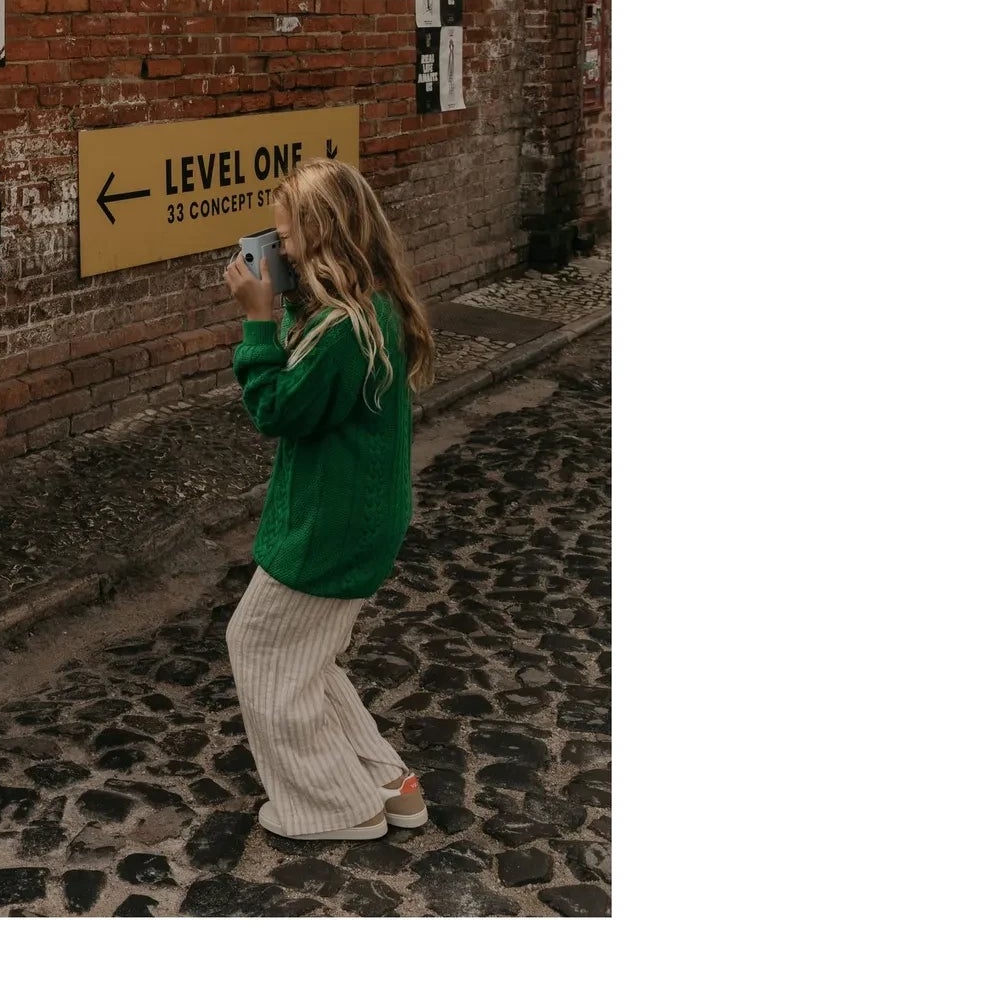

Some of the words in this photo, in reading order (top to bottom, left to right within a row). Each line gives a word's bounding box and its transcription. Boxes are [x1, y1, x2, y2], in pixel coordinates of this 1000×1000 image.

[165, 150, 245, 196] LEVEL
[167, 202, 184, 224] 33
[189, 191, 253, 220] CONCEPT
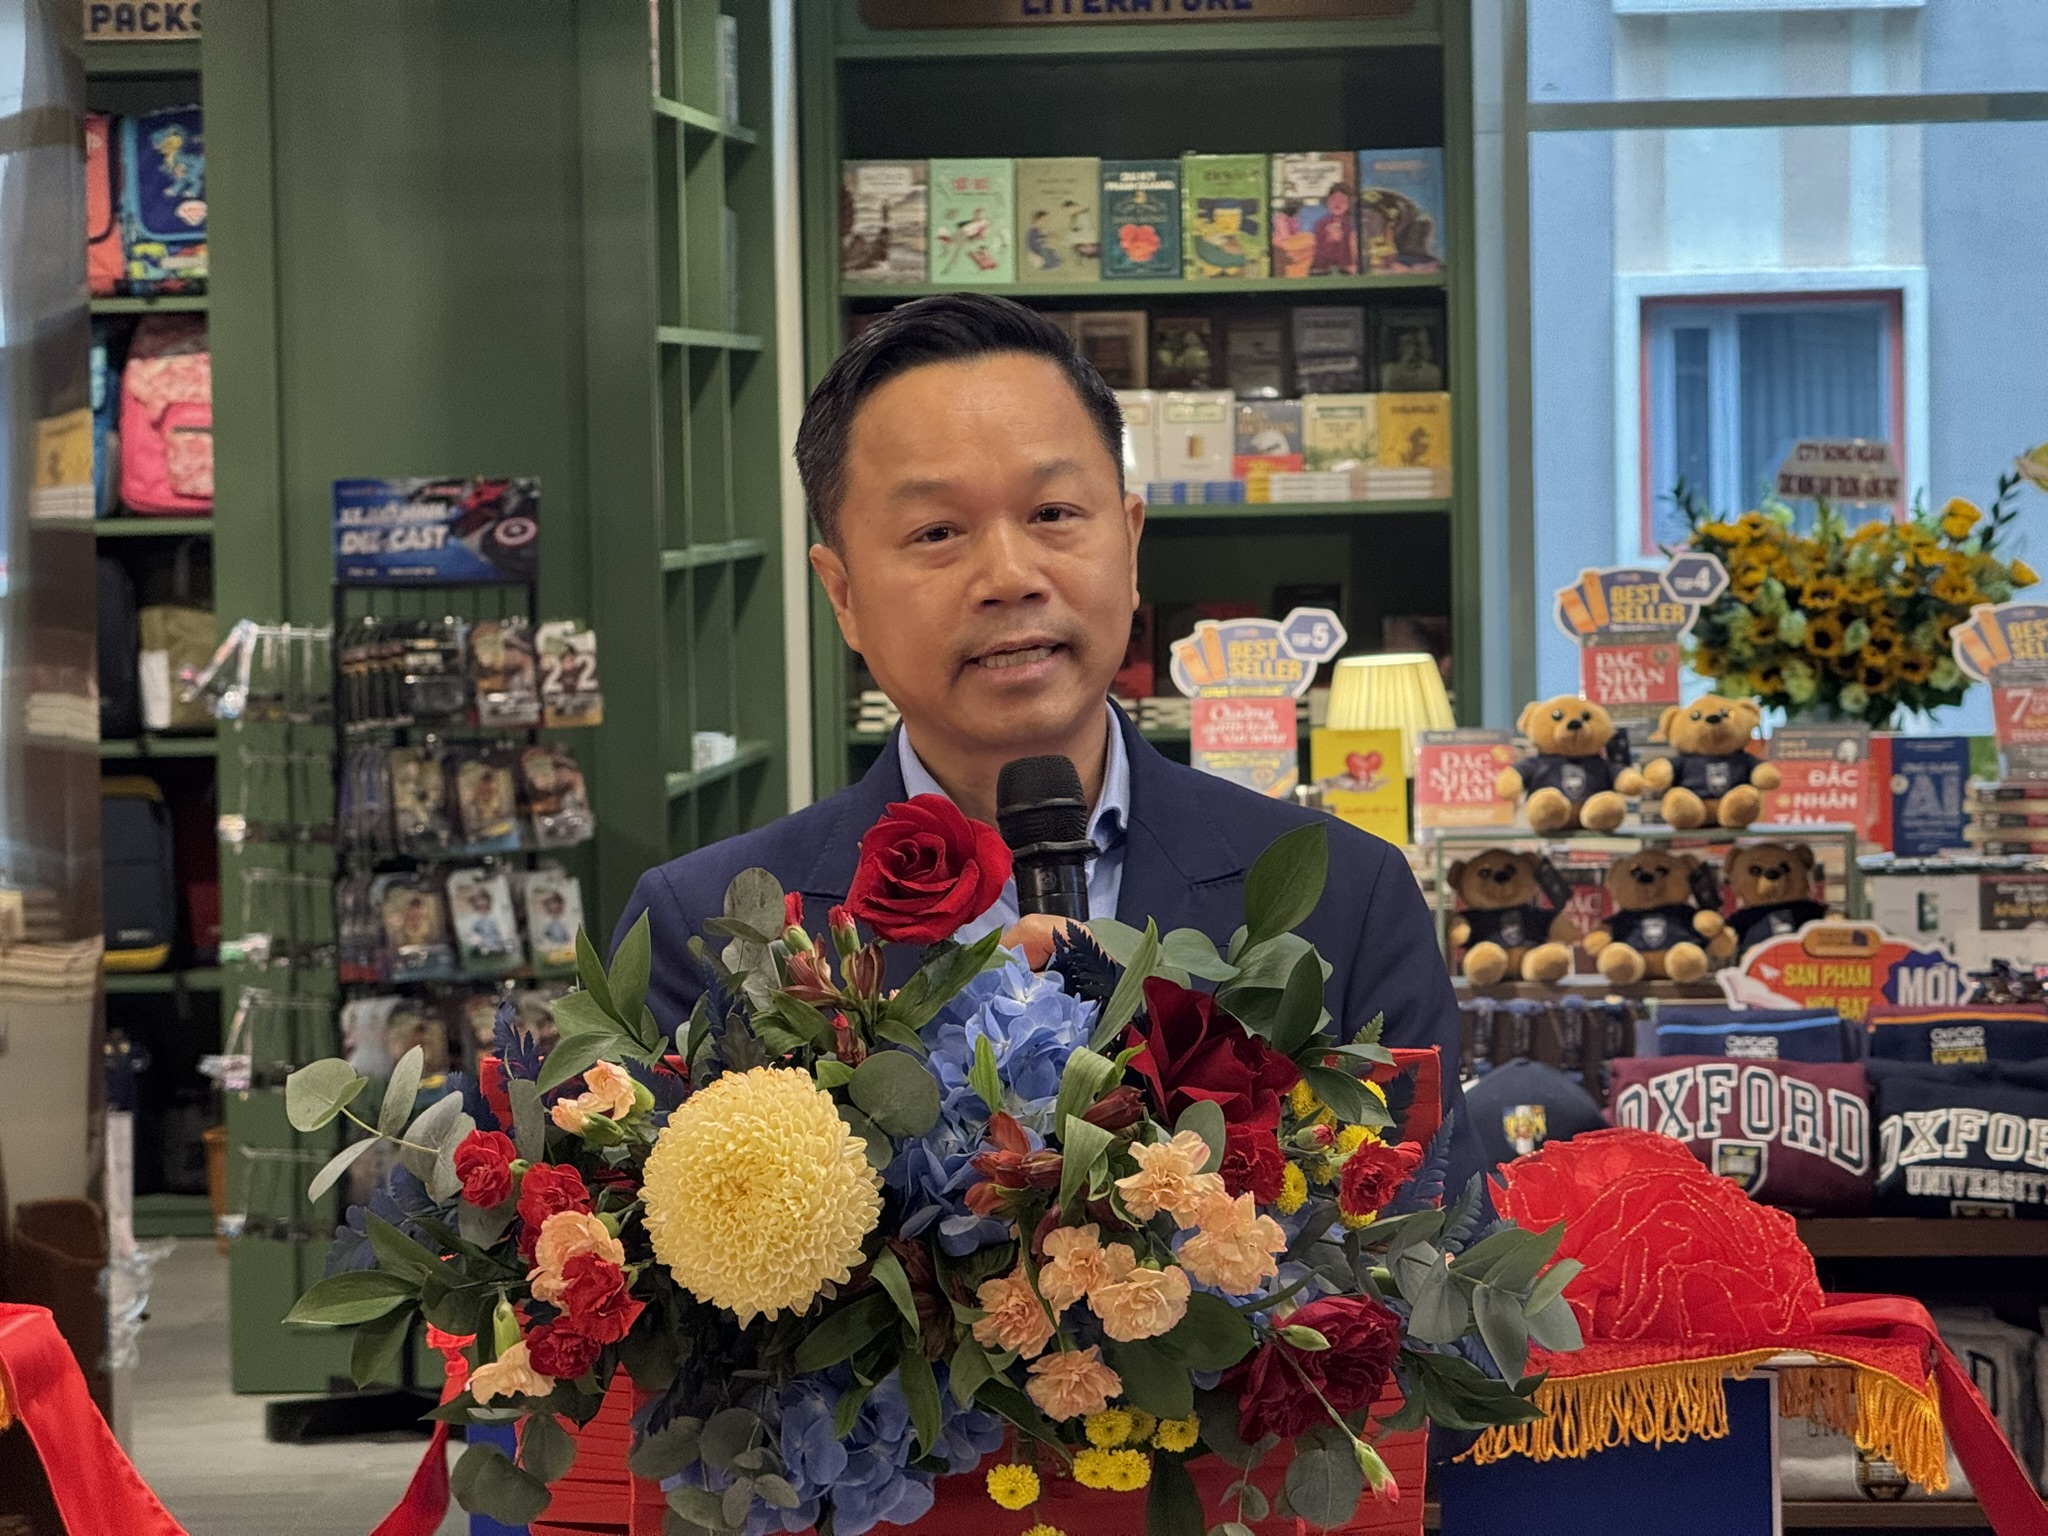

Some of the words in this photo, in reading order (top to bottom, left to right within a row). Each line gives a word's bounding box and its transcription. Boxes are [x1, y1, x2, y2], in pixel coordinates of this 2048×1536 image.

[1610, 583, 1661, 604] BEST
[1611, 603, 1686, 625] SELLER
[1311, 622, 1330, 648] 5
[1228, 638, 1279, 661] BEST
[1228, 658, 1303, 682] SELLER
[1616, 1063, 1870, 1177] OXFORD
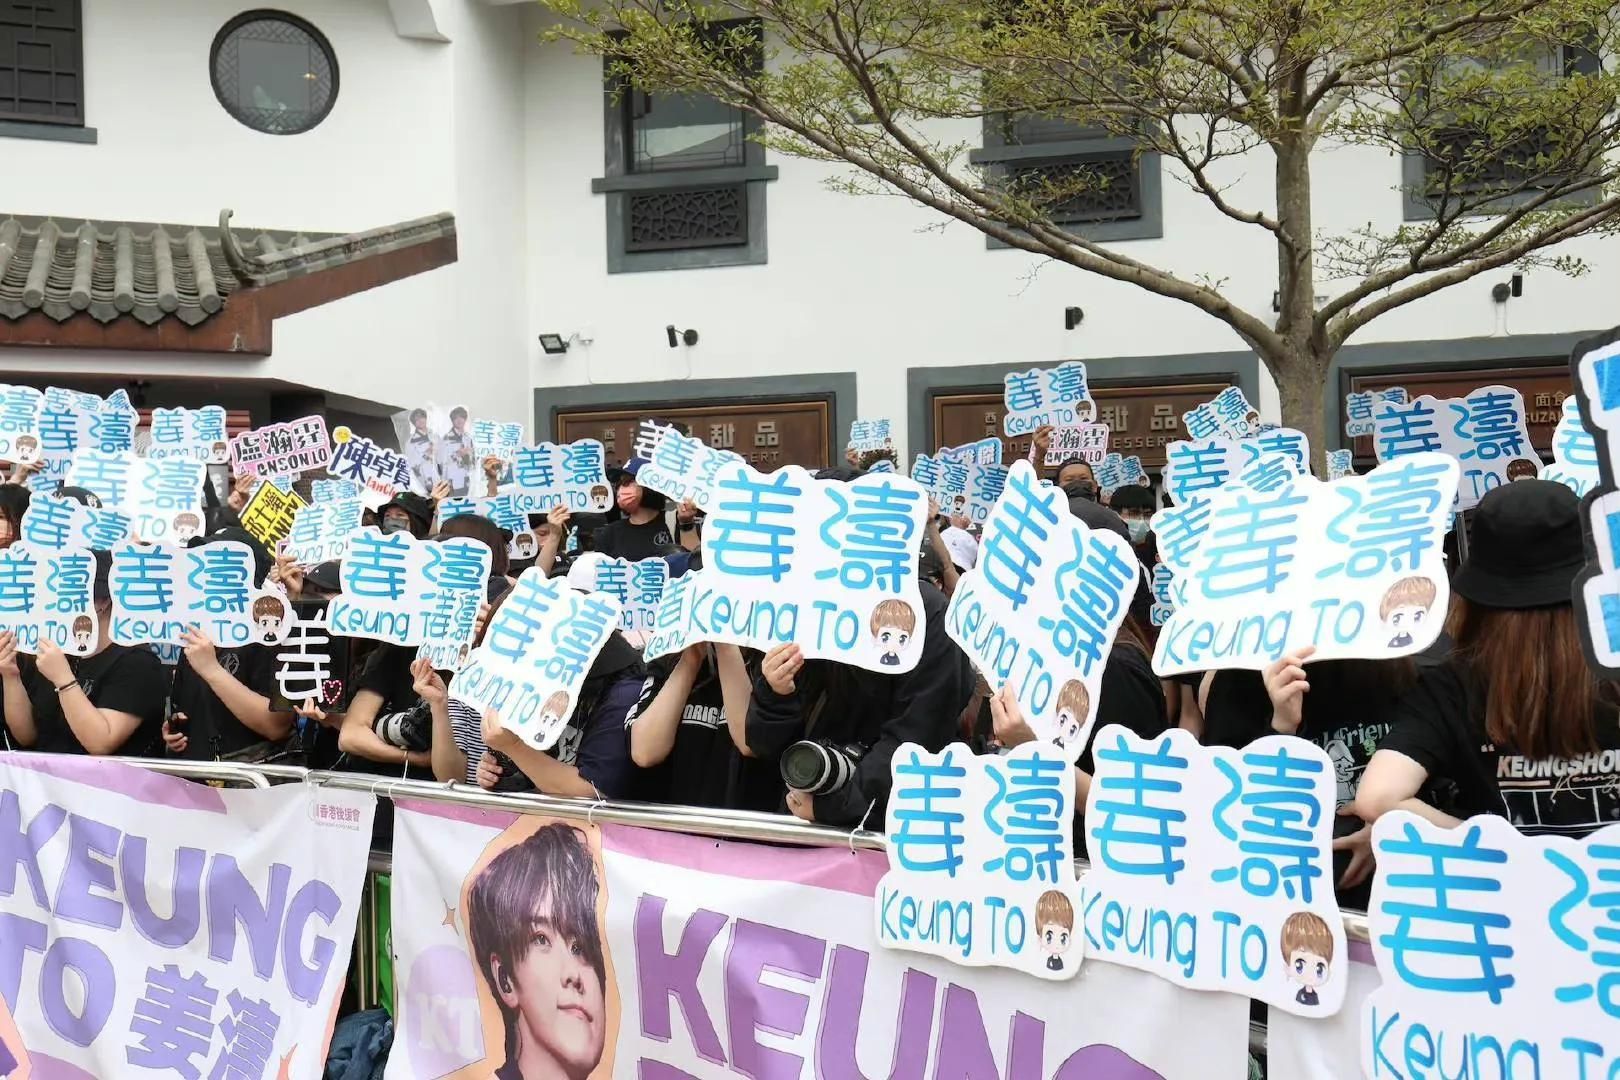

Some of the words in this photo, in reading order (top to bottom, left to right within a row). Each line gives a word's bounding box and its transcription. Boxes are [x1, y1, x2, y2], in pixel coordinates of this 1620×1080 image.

------------

[Task instructions]: Retype the whole listing, keeping every line identical and omitting all pictures.

[Result]:
Some of the words in this photo, in reading order (top to bottom, left to right within a row). Each line gives a word's bounding box and its transcription. Boxes are [x1, y1, x2, y2], in pixel coordinates of this 1000×1000 image.

[165, 150, 245, 196] LEVEL
[167, 202, 184, 224] 33
[189, 191, 253, 220] CONCEPT

Some of the words in this photo, in reading order (top to bottom, left to right within a row). Each line gives a word's bounding box and its transcription. Boxes are [x1, y1, x2, y2], in pixel coordinates of this 2048×1536 image.

[1610, 583, 1661, 604] BEST
[1611, 603, 1686, 625] SELLER
[1311, 622, 1330, 648] 5
[1228, 638, 1279, 661] BEST
[1228, 658, 1303, 682] SELLER
[1616, 1063, 1870, 1177] OXFORD

Some of the words in this photo, in reading order (top to bottom, left to right within a row). Each line gives a word's bounding box and its transcription. Boxes are [x1, y1, x2, y2], in pixel coordinates of this 1620×1080 image.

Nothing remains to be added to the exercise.